For a time, anyway, you’ll be able to chuckle over these brain freezes with your family and friends; they’re all experiencing the same thing, after all.
But one day, if you live long enough, you may no longer be able to laugh it off. You may find yourself forgetting the necessities, like taking your medication or eating a meal. You may begin to wander, clueless about your destination and maybe even your location. Familiar landmarks might become unfamiliar; for a moment, you may forget how to get home. And when you are able to shake it off – as if you really can shake it off yourself – the fear may set in.
Some time ago, I read And Have Not Love (Harper and Brothers, 1954), another amazing novel by the late Anne Parrish. In it, she describes the early stages of this phenomenon in the 90-year-old heroine Clara:
“Sometimes she grew confused; was it today, or yesterday? Was it spring, or fall? She would lose her place in life for a moment, and be dizzy, and a little frightened. Now, gazing at the white moon, everything became snow and winter, and she was back in a night when her friends had gone to bed, and would not come out to make merry with her, although she called under their windows, the sleigh bells calling with her, and the moon shone bright as day.

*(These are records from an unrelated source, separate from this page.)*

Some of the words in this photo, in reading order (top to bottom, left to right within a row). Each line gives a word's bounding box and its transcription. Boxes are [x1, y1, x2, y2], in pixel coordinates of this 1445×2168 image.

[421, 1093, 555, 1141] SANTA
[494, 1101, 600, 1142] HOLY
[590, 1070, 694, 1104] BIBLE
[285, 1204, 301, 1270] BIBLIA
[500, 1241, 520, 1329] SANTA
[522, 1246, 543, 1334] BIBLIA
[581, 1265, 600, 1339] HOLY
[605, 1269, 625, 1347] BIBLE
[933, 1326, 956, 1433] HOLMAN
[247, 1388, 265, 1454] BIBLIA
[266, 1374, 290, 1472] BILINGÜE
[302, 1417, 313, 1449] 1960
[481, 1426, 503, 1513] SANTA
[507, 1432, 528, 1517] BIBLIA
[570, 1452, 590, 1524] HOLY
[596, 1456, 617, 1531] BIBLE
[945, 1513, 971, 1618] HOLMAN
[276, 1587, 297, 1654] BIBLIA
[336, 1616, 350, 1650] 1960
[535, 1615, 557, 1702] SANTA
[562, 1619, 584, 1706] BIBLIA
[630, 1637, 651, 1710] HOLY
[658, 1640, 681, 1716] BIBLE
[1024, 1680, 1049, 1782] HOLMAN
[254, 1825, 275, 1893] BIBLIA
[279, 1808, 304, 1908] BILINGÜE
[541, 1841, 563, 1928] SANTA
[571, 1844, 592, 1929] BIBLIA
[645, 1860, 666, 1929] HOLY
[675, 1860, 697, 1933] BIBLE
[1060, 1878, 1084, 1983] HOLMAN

“For a moment, the moon clung to the rim of the horizon, then floated free, filling the night with beauty and infinite loneliness, bringing Clara back to the present. She could do nothing, call no one. There was no one to look at her and distract her. No voice so loved that it could never fail her spoke to her from the past.”
So what are we to do when we begin to see the signs of such deterioration in a friend or loved one? The answer – the only answer -- can be found in the title of this novel, drawn from the apostle Paul’s great love chapter, 1 Corinthians 13:
“Though I speak with the tongues of men and of angels, but have not love, I have become sounding brass or a clanging cymbal. And though I have the gift of prophecy, and understand all mysteries and all knowledge, and though I have all faith, so that I could remove mountains, but have not love, I am nothing. And though I bestow all my goods to feed the poor, and though I give my body to be burned, but have not love, it profits me nothing.”
The best thing we can do for those sinking into dementia is to wrap them in agape love – selfless and sacrificial love that has nothing to do with emotions and everything to do with serving God. Allow them to see us as protectors, as people who will care for them even as they forget our names and our relationships to them. Help them to feel safe whenever our eyes meet theirs.
And then? Be there. Make them a priority. Years ago, the daughter of a friend of mine with MS said it was easy to tell who her family’s real friends were. “They’re the ones who just show up,” she explained from her home six hours away. “They mean the world to us. And most important, they mean the world to Mom.”